While the three principles are important to consider in how people interact with global changes, I believe one stands out as the linchpin that makes the other two possible: options. If current generations do not have options in which natural resources they can benefit from, and they do nothing to revive those options, then future generations will have even fewer options For instance, future generations cannot compare the quality of their rainforests to past generations’ rainforests if all the rainforests are gone. Similarly, if current generations do not leave an ample supply of Earth’s resources, the question of who gets access to those resources will not matter if prior generations depleted them all. Ensuring future generations have all the opportunities (i.e., “options”) we had will lay the groundwork for equity. However, some studies suggest getting others to care about the first tenant of intergenerational equity will pose a challenge.
Researchers Diprose et al conducted a survey on urban peoples’ opinions on conservation. The researchers found that people living in Nanjing, China, and Sheffield, UK, were more inclined to contemplate how natural resources could benefit them, their kids, and their grandkids, but were hesitant to look any further. Those surveyed did not think it their responsibility to project that far into the future.
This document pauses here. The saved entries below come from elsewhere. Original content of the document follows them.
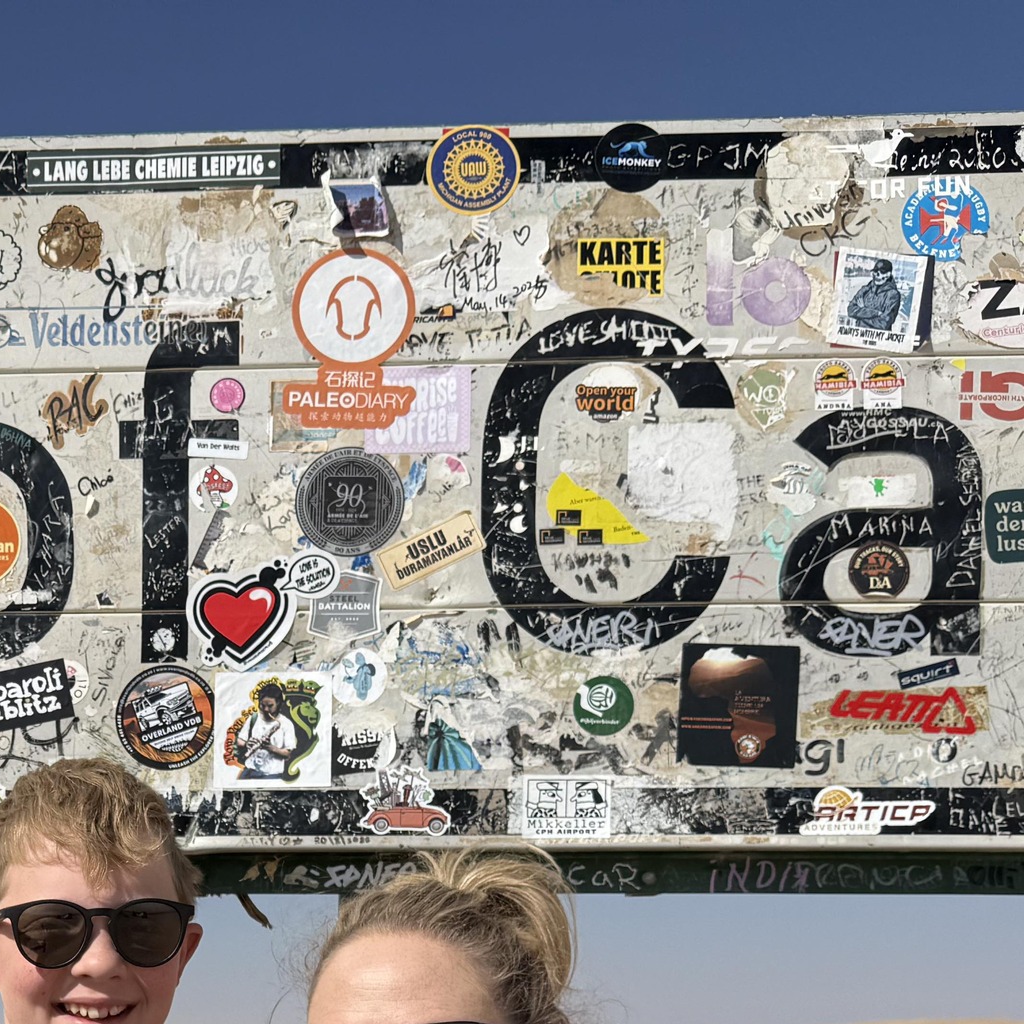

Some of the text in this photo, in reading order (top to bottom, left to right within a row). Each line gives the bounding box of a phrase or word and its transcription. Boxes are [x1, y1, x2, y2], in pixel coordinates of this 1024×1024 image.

[452, 131, 477, 143] LOCAL
[43, 154, 264, 182] LANG LEBE CHEMIE LEIPZIG
[460, 161, 487, 177] UAW
[602, 156, 662, 167] ICEMONKEY
[438, 176, 511, 209] MICHIGAN ASSEMBLY PLANT
[968, 189, 986, 223] RUGBY
[580, 241, 663, 265] KARTE
[874, 331, 885, 340] MY
[325, 371, 376, 388] 石探记
[288, 391, 410, 409] PALEODIARY
[576, 385, 636, 400] Open your
[576, 394, 635, 412] world
[592, 413, 618, 421] amazon
[336, 483, 363, 508] 90
[406, 529, 448, 560] USLU
[299, 561, 313, 574] LOVE
[296, 567, 331, 588] THE SOLUTION
[318, 602, 371, 611] BATTALION
[330, 595, 359, 603] STEEL
[901, 664, 955, 686] squirt
[141, 715, 203, 742] OVERLAND VDB
[528, 819, 606, 830] Mikkeller
[804, 823, 879, 831] ADVENTURES
Intergenerational equity is not merely a talking point: it is a lens through which all climate responses and decisions should be evaluated. Even though Dr. Weiss refers to the second tenant of intergenerational equity as “options,” when read aloud, the definition of options sounds strikingly similar to the definition of a word most people are much more familiar with: “conservation.” We need to create a path forward where global communities, living and future, are considered through a lens of conservation. We must be cognizant of the effect humans have on when, how, and how much we take from the environment, as well as be cognizant of the irreparable harm we have already done. This, of course, starts by ensuring present and future generations have Weiss’ second tenant of intergenerational equity: “options.” Future generations need as many options at their fingertips as possible, allowing them the opportunity to tailor those options to their specific needs. Without options, communities face suboptimal paths forward, much to their and everyone else’s detriment. Without diversified options, communities will continue to use up what little resources they have left, leading to a drained future where people attempt to make a living on a depleted planet.